Honorary chivalry order

The Order of the Lion of Finland (Suomen Leijonan ritarikunta; Finlands Lejons orden) is one of three official orders in Finland, along with the Order of the Cross of Liberty and the Order of the White Rose of Finland. The President of Finland is the Grand Master of all three orders. The orders are administered by boards consisting of a chancellor, a vice-chancellor and at least four members. The orders of the White Rose of Finland and the Lion of Finland have a joint board. The President of Finland wears the Star of the Order of the Lion of Finland.

== History ==
The Order of the Lion of Finland was established on September 11, 1942. At that time, Finland was waging the Continuation War. Wartime diplomacy included a heightened need to decorate, particularly foreigners from aligned countries, chiefly Germany. The existing Finnish orders, the Order of the Cross of Liberty and the Order of the White Rose of Finland, could not keep up with the decorations and their highest grades were in danger of becoming inflated due to the presence of too many holders.
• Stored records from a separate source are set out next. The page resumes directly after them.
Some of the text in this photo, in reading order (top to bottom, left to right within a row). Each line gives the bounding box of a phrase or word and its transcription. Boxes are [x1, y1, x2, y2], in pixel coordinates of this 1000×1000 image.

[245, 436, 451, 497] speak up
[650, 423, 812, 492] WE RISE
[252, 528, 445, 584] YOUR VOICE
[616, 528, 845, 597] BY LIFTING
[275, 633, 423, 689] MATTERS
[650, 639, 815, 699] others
The Order of the Lion of Finland was thus established to allow the continuation of decorating foreigners with high ranks in Finnish orders, although the Order of the Lion of Finland can also be awarded to Finnish nationals. The new order also allowed for more flexible decorations, taking in account the rank and achievements of the recipients.
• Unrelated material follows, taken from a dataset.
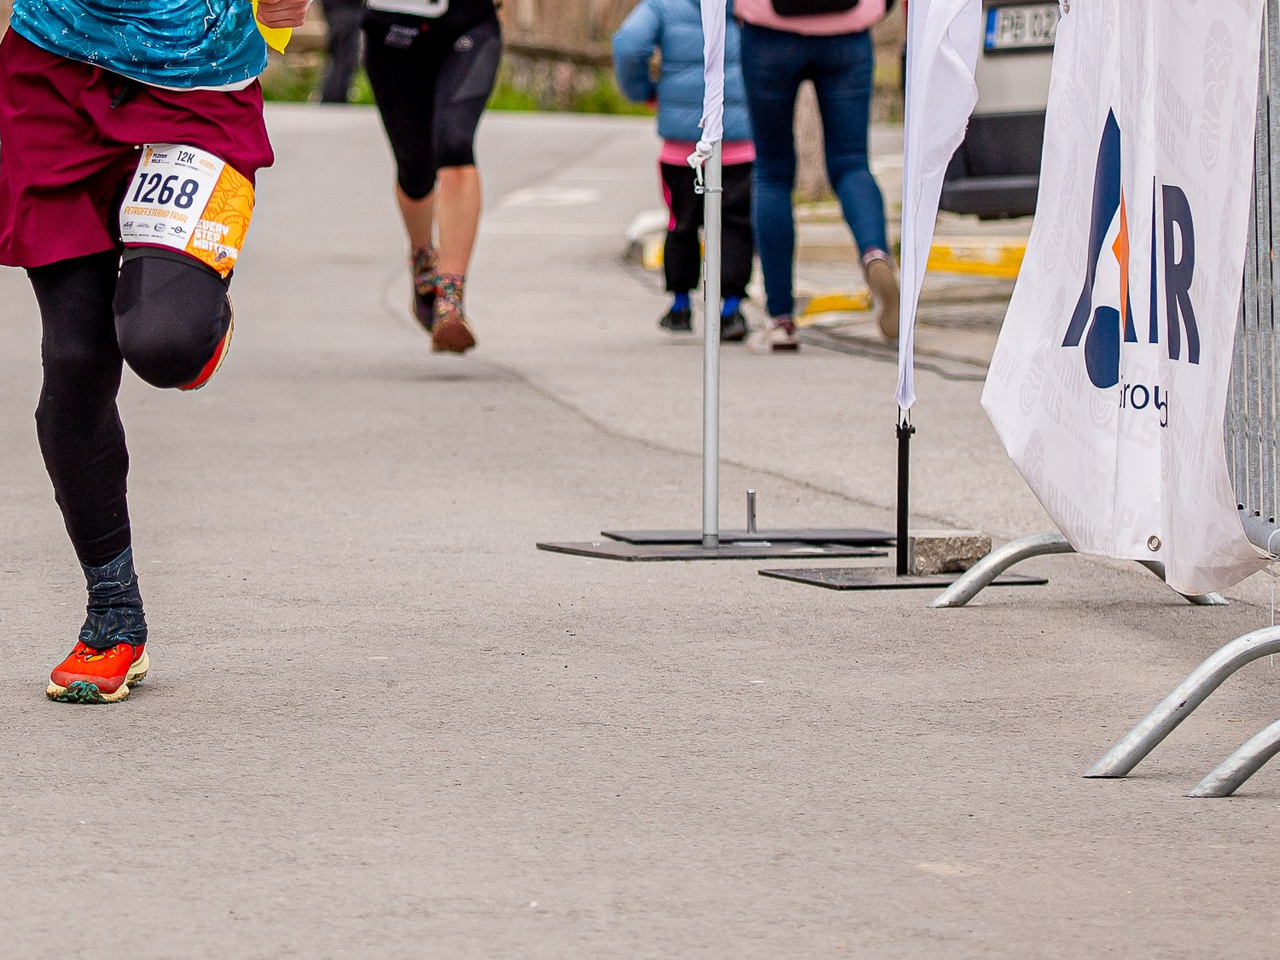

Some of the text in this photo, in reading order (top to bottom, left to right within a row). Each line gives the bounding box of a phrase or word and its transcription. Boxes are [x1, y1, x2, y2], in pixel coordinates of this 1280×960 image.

[176, 150, 195, 164] 12K
[132, 173, 199, 209] 1268
[193, 229, 221, 243] STEP
In January 1998, President Martti Ahtisaari was criticized by some NGOs, politicians and notable cultural figures for awarding the Commander of the Order of the Lion of Finland to Djamaludin Suryohadikusumo, the Forest Minister of Indonesia, and to Sukanto Tanoto, the main owner of the Indonesian RGM Company, a parent company of the April Company. The April Company was criticized by non-governmental organisations for destroying rainforests, and Indonesia itself was criticized heavily for human right violations, especially in East Timor. Ahtisaari's party chairman Erkki Tuomioja said that giving the medals was questionable, since he feared the act may tarnish the public image of Finnish human rights policy. Students of the arts had demonstrations in Helsinki against the decision to give medals. Artist Marjatta Hanhijoki and author Leena Krohn returned their Pro Finlandia medals to protest the Indonesian decorations.

Finnish Olympic and Paralympic medalists are awarded either the Knight or Knight, First Class medal, with clasps.
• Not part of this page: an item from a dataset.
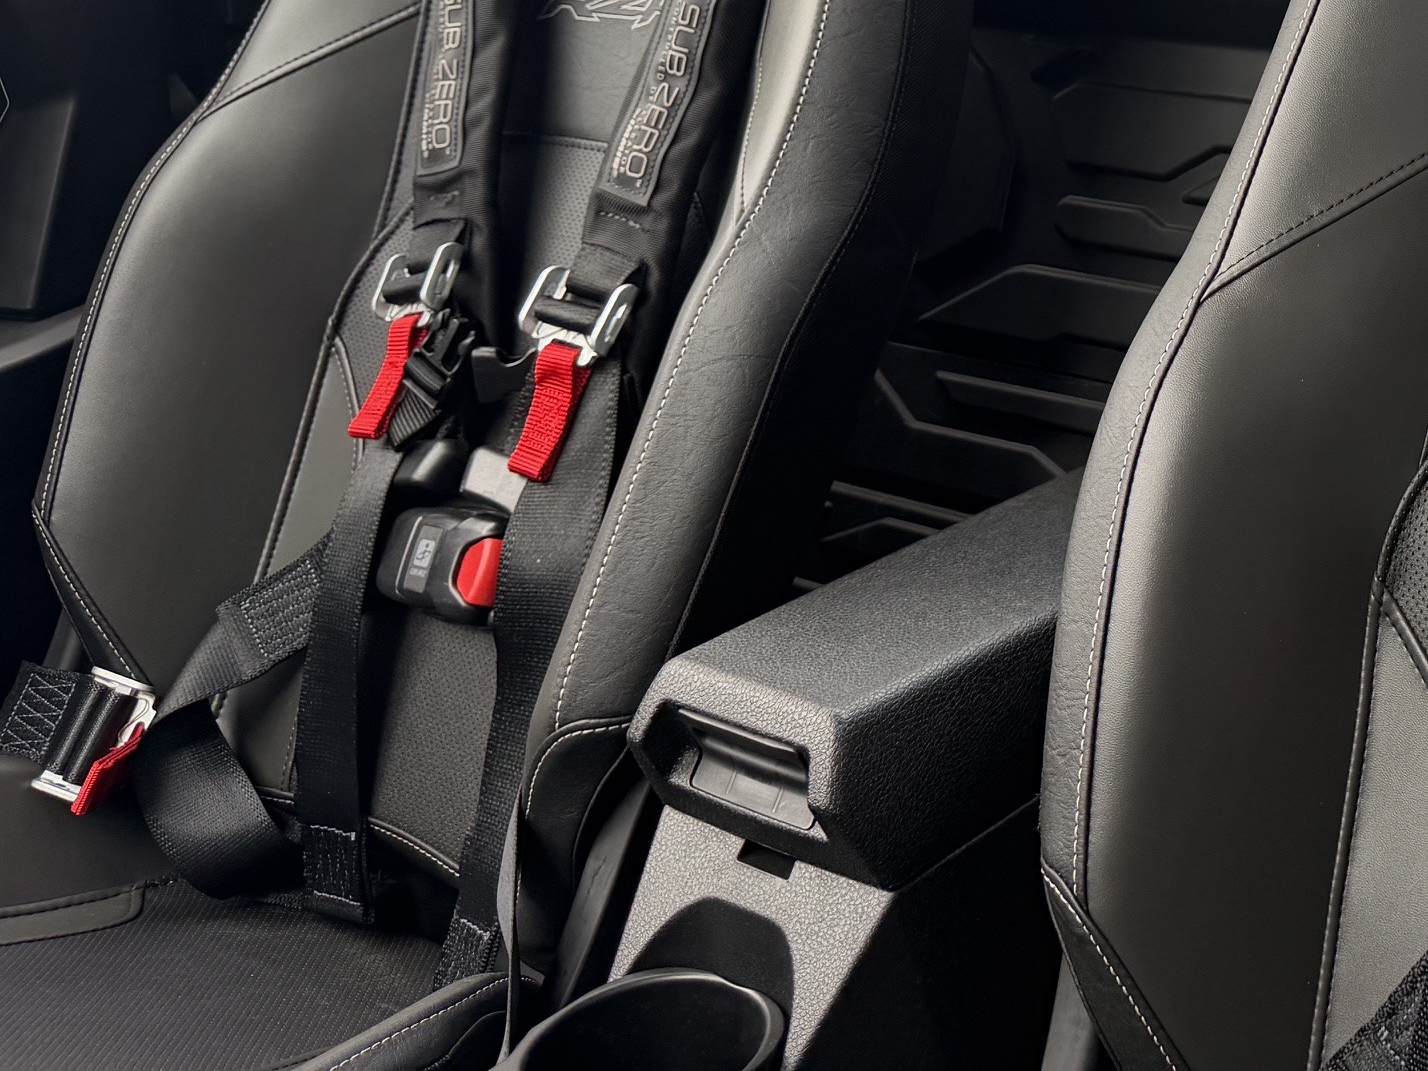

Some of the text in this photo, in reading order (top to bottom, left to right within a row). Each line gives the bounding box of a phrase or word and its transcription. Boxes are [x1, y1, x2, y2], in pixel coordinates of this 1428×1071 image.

Ambassadors accredited to Helsinki are given the Grand Cross upon leaving their post, provided that their country awards medals reciprocally.

== Classes ==
The classes of the Order of the Lion of Finland are:

- Commander Grand Cross of the Order of the Lion of Finland
- Commander, First Class, of the Order of the Lion of Finland
- Commander of the Order of the Lion of Finland
- Pro Finlandia Medal of the Order of the Lion of Finland (awarded to artists and writers)
- Knight, First Class, of the Order of the Lion of Finland
- Knight of the Order of the Lion of Finland
- Cross of Merit of the Order of the Lion of Finland

==Recipients==

- FIN Risto Ryti (1942)
- FIN Aimo Cajander (1942)
- FIN Harri Holma (1942)
- FIN Gustaf Ignatius (1942)
- FIN Lauri Malmberg (1942)
- FIN Oskari Mantere (1942)
- SWE Karl Ivan Westman (1942)
- Alajos Béldy, with swords (1942)
- Herbert Backe (1942)
- Georg Ahrens (1942)
- ROM Noti Constantinide (1942)
- Vincenzo Cicconardi (1942)
- FIN Heikki Renvall (1942)
- FIN Aarno Yrjö-Koskinen (1942)
- BUL Nicolas Petzeff (1943)
- Alfréd Nickl (1943)
- FIN Antti Tulenheimo (1943)
- ROM Constantin Pantazi, with swords (1943)
- ROM Gheorghe Dobre, with swords (1943)
- ROM Ilie Șteflea, with swords (1943)
- FRA Hubert Guerin (1943)
- ROM Gheorghe Davidescu (1943)
- ROM Alexandru Marcu (1943)
- Karl Fiehler (1943)
- Hartmann Lauterbacher (1943)
- Artur Axmann (1943)
- Alexander von Dörnberg (1943)
- ROM Octav Ullea (1943)
- SWE Gösta Bagge (1943)
- Emil Wiehl (1943)
- TUR Agâh Aksel (1943)
- Werner Lorenz (1943)
- Antal Ullein-Reviczky (1943)
- FIN G. A. Gripenberg (1943)
- FIN Onni Talas (1943)
- Jenő Szinyei Merse (1944)
- Ferenc Szombathelyi, with swords (1944)
- Lajos Csatay, with swords (1944)
- SWE Gustaf Lindström (1944)
- SWE Axel Rappe (1944)
- Karl Weisenberger, with swords (1944)
- FIN Carl Gustaf Emil Mannerheim, with swords (1944)
- FIN Leo Ehrnrooth (1944)
- FIN Ernst von Born (1944)
- FIN Paavo Hynninen (1944)
- FIN Gustaf Idman (1944)
- FIN Leonard Grandell, with swords (1945)
- FIN Woldemar Hägglund, with swords (1945)
- FIN Eino Suolahti, with swords (1945)
- FIN Hugo Österman, with swords (1945)
- SWE Vilhelm Assarsson (1945)
- José de Palafox, 3rd Duke of Zaragoza (1945)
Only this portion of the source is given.